Annotated photo localization data
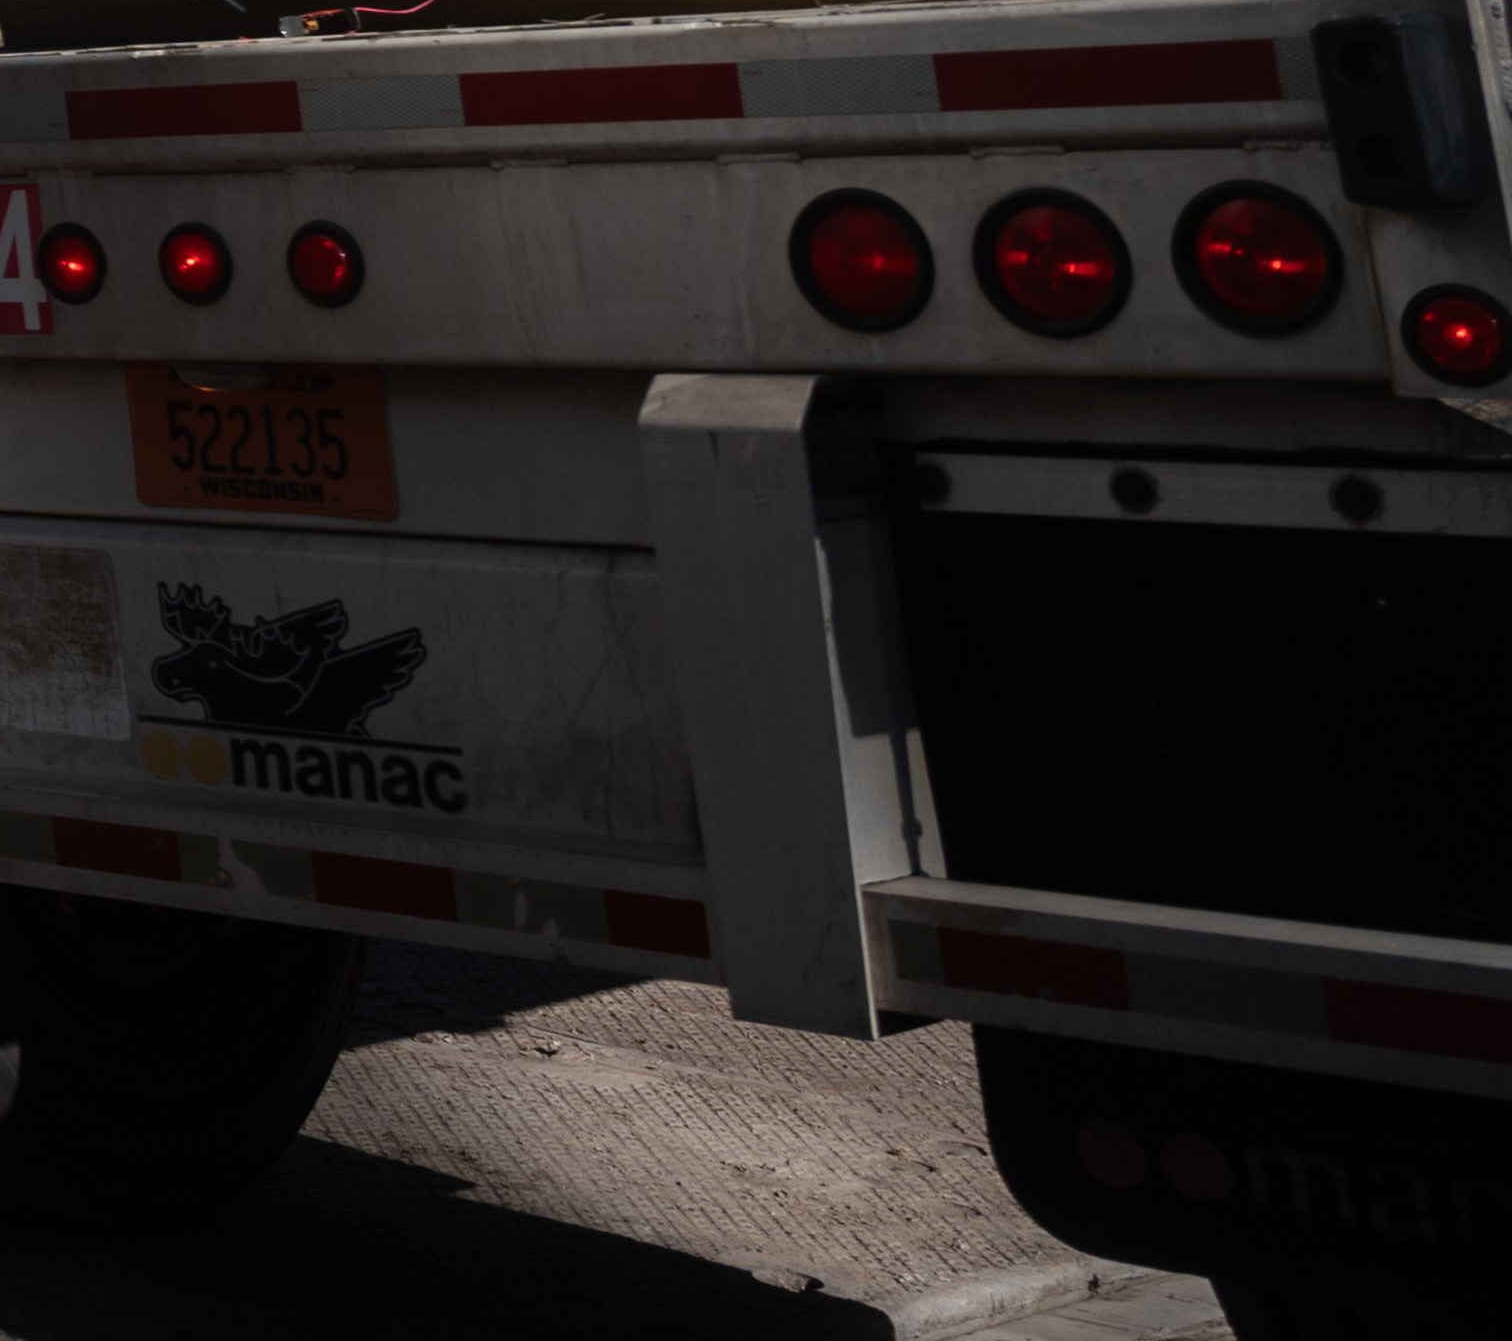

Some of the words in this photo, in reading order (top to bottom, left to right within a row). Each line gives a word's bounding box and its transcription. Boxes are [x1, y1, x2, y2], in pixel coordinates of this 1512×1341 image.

[167, 400, 348, 480] 522135
[198, 476, 324, 502] WISCONSIN
[229, 737, 468, 813] manac
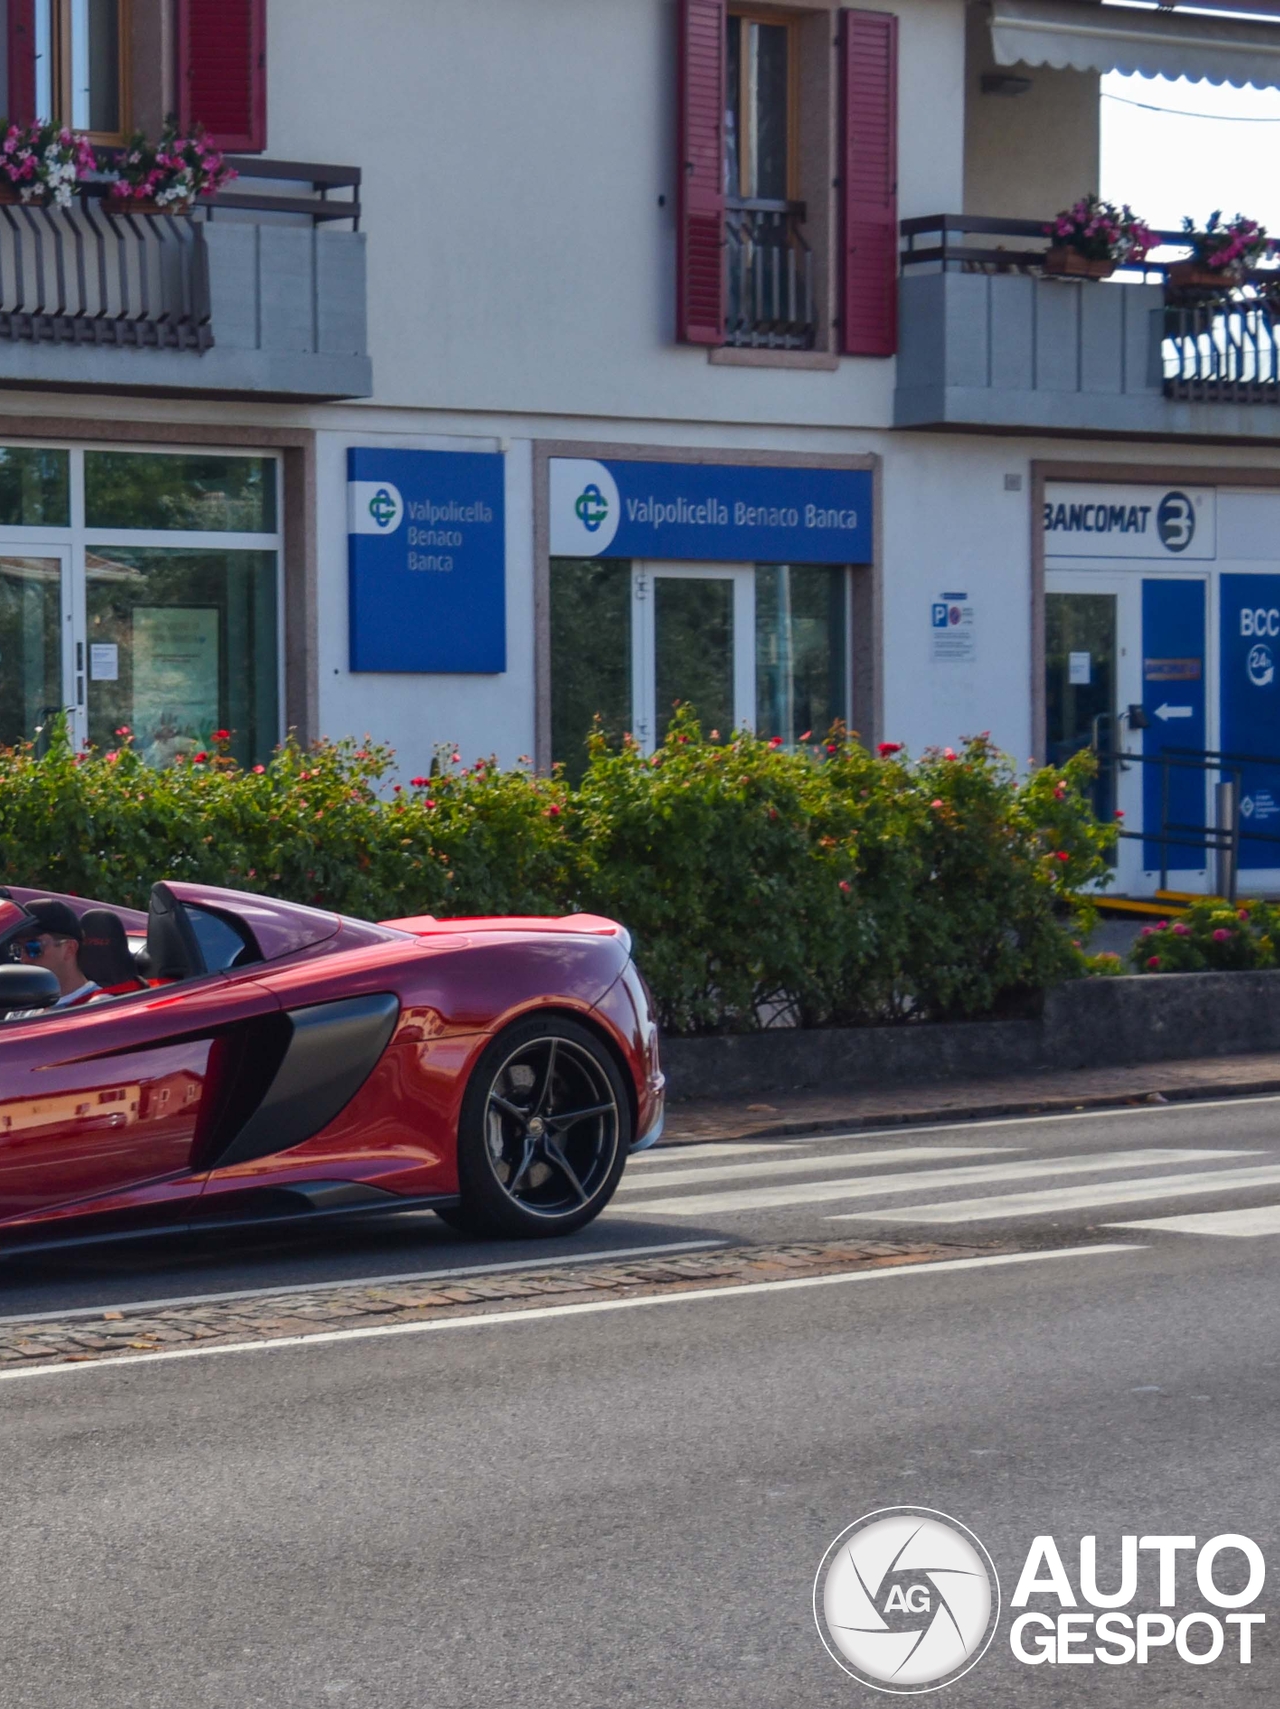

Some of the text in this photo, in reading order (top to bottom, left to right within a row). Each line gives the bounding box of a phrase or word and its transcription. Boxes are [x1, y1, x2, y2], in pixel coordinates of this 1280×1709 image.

[407, 499, 493, 526] Valpolicella
[626, 496, 858, 530] Valpolicella Benaco Banca
[407, 526, 462, 547] Benaco
[407, 550, 454, 572] Banca
[1240, 608, 1280, 637] BCC
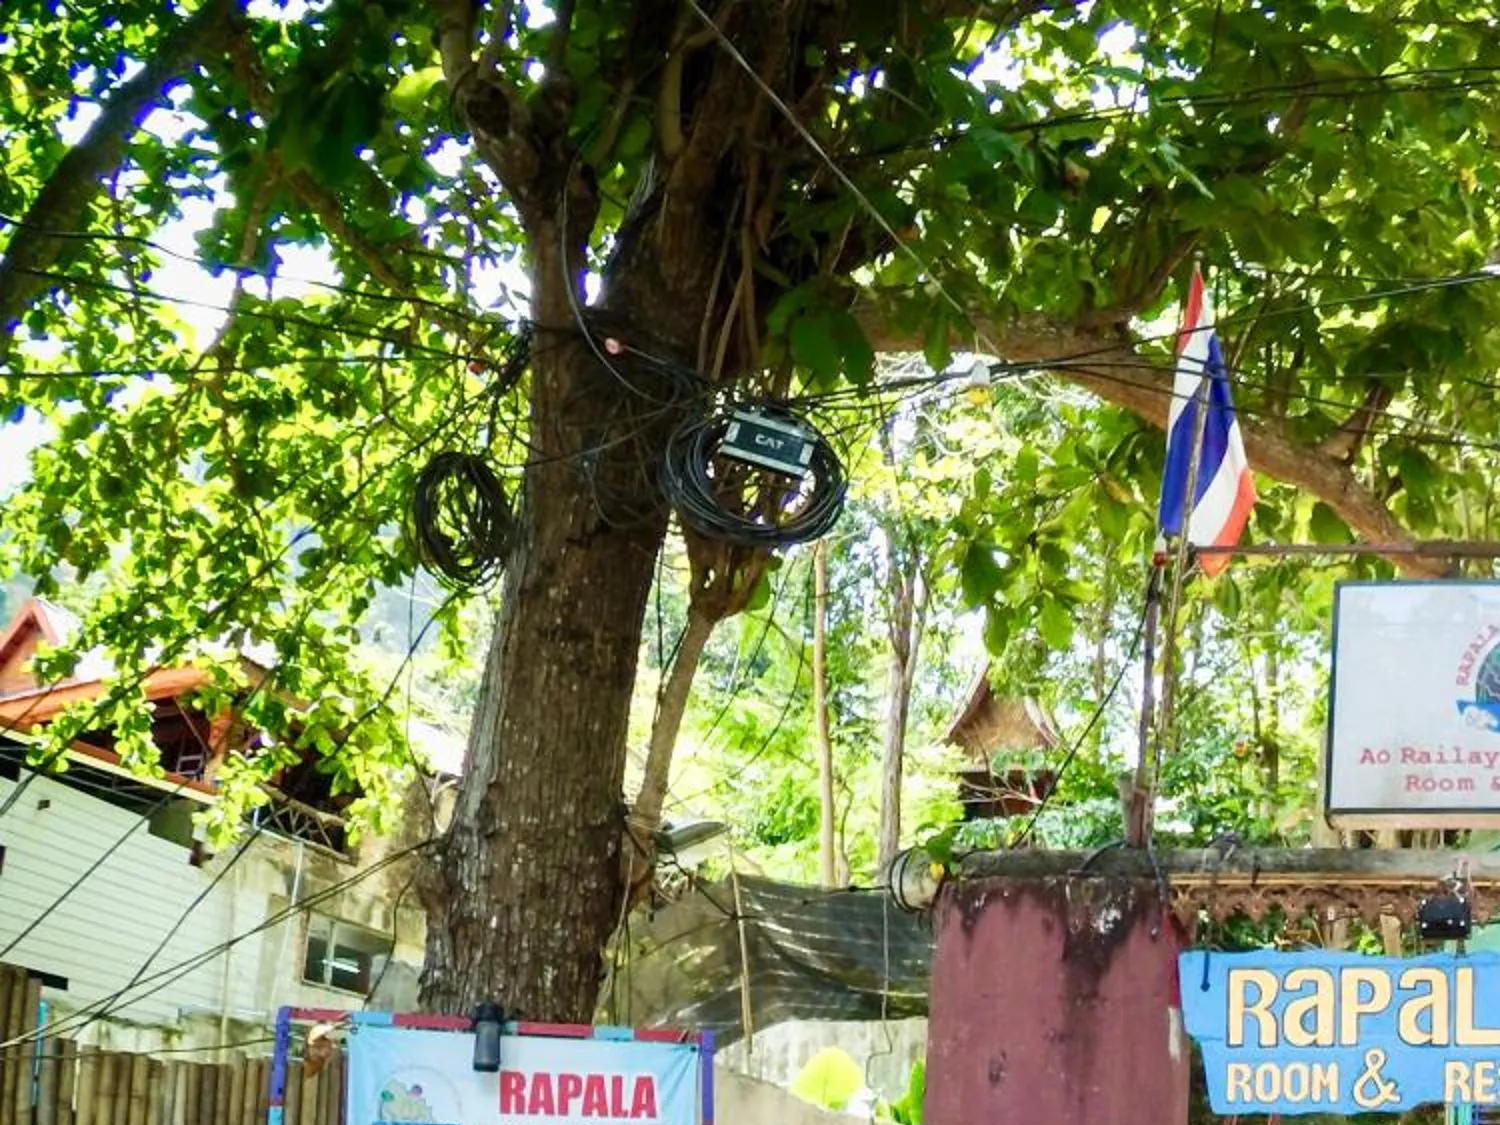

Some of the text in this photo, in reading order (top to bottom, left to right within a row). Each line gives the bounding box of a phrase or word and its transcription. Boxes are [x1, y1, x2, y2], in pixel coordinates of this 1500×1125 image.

[1455, 623, 1500, 686] RAPALA
[1360, 748, 1391, 766] Ao
[1401, 747, 1500, 769] Railay
[1405, 775, 1475, 793] Room
[499, 1070, 658, 1119] RAPALA
[1225, 1060, 1340, 1103] ROOM
[1352, 1047, 1401, 1109] &

■ Problem
Please copy exactly the lines from the one containing "this 1280×1709 image." through the last line of the records, both ends included, and leave out any pictures.

■ Task result
Some of the text in this photo, in reading order (top to bottom, left to right within a row). Each line gives the bounding box of a phrase or word and its transcription. Boxes are [x1, y1, x2, y2], in pixel coordinates of this 1280×1709 image.

[407, 499, 493, 526] Valpolicella
[626, 496, 858, 530] Valpolicella Benaco Banca
[407, 526, 462, 547] Benaco
[407, 550, 454, 572] Banca
[1240, 608, 1280, 637] BCC

Some of the text in this photo, in reading order (top to bottom, left to right within a row). Each line gives the bounding box of a phrase or word and its transcription. Boxes are [x1, y1, x2, y2], in pixel coordinates of this 1500×1125 image.

[1455, 623, 1500, 686] RAPALA
[1360, 748, 1391, 766] Ao
[1401, 747, 1500, 769] Railay
[1405, 775, 1475, 793] Room
[499, 1070, 658, 1119] RAPALA
[1225, 1060, 1340, 1103] ROOM
[1352, 1047, 1401, 1109] &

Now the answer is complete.